Il repartit complètement découragé. Ou son raisonnement était faux, ou Pavel Andropov était en voyage, ou… mille suppositions. La seule idée de passer une troisième journée au bord du trottoir de la 67e Rue lui donnait la nausée. Il décida de changer le lendemain, il s’embusquerait près de l’Amtorg, l’agence commerciale russe. Il avait beaucoup moins de chance d’y trouver le Russe, mais au point où il en était…

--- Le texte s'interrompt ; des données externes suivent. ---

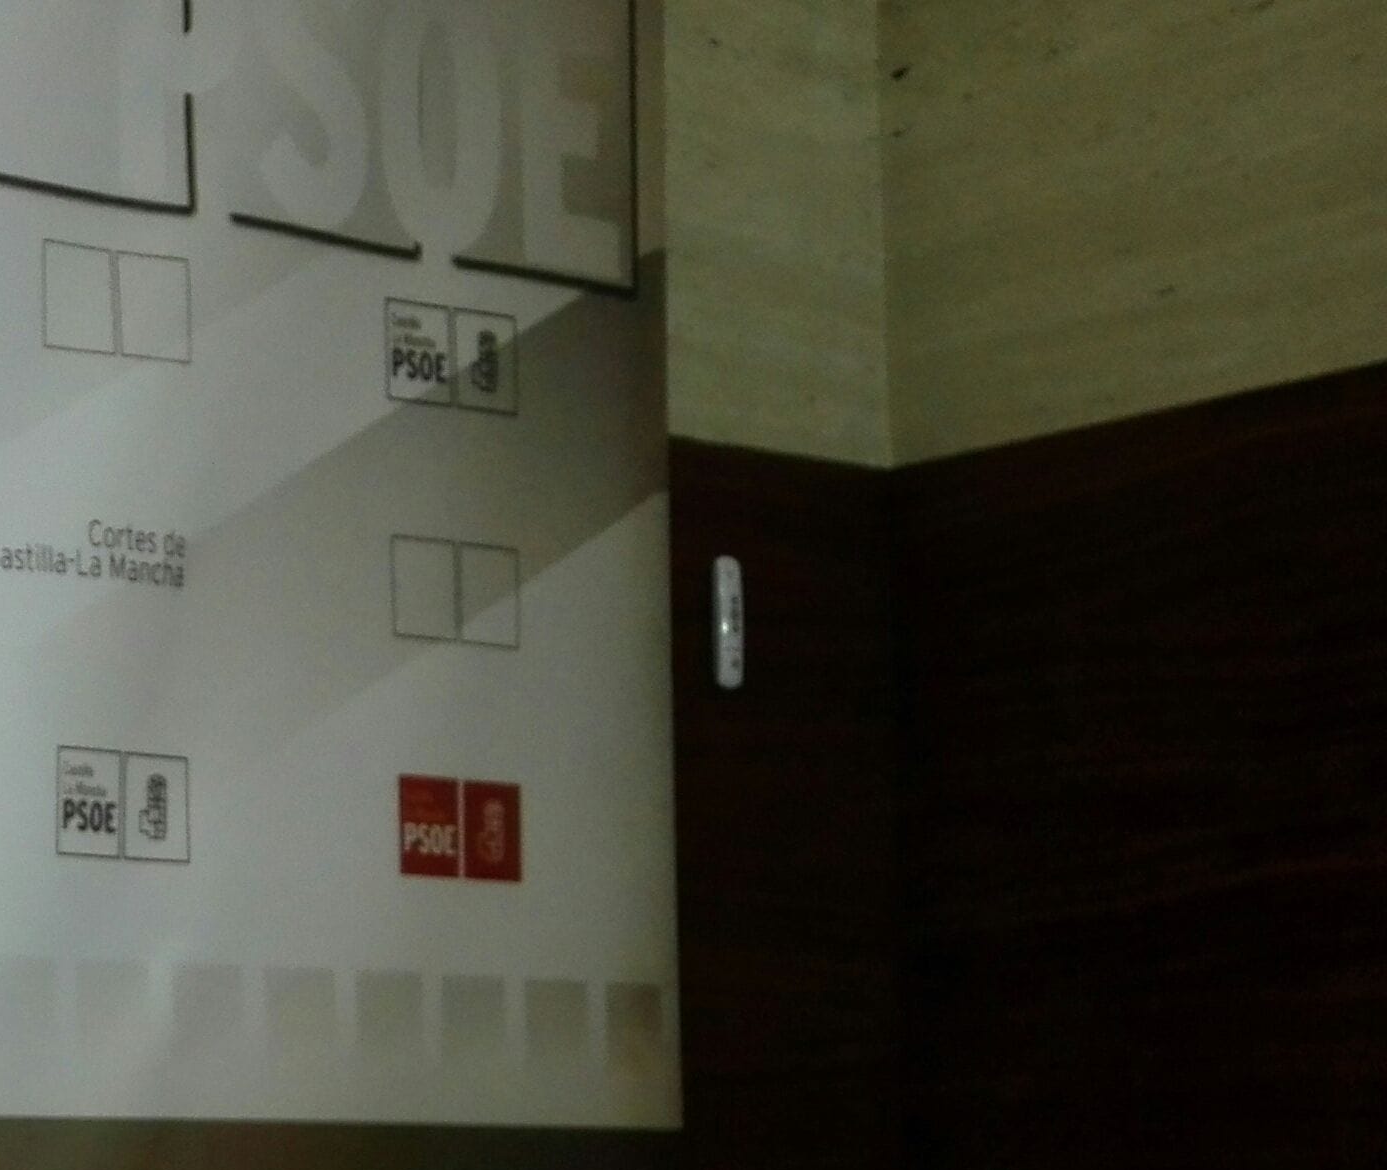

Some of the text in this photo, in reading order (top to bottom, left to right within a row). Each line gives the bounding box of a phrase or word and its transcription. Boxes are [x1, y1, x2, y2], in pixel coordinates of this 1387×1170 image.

Pour se redonner du courage, il s’offrit une bonne nuit au Sheraton Inn, une sorte de motel géant, sur la Septième Avenue, surtout fréquentée par des touristes moyens. Au moins c’était propre et plus remontant que les taudis de la Bowery. Pour la première fois, Malko se leva avec un bon moral. Il tombait toujours une pluie fine et les voitures avançaient en un flot compact et lent, ponctué de furieux coups de klaxon.

L’annuaire téléphonique lui offrit l’indication que l’Amtorg se trouvait dans la 30e Rue, entre Broadway et la Sixième Avenue, en plein quartier des confectionneurs et des entrepôts. Cela serait plus facile de s’y dissimuler.

Il eut du mal à trouver l’Amtorg. L’organisme russe n’était indiqué que par une petite plaque de cuivre, dans un énorme building commercial crasseux. Des camions déchargeaient dans toute la rue et Malko, qui avait garé la Falcon plus loin, n’attirait absolument pas l’attention. Dans ce quartier, il ne manquait pas de types qui se baladaient, les mains dans les poches.

вернуться

20

Dix cents et vingt-cinq cents.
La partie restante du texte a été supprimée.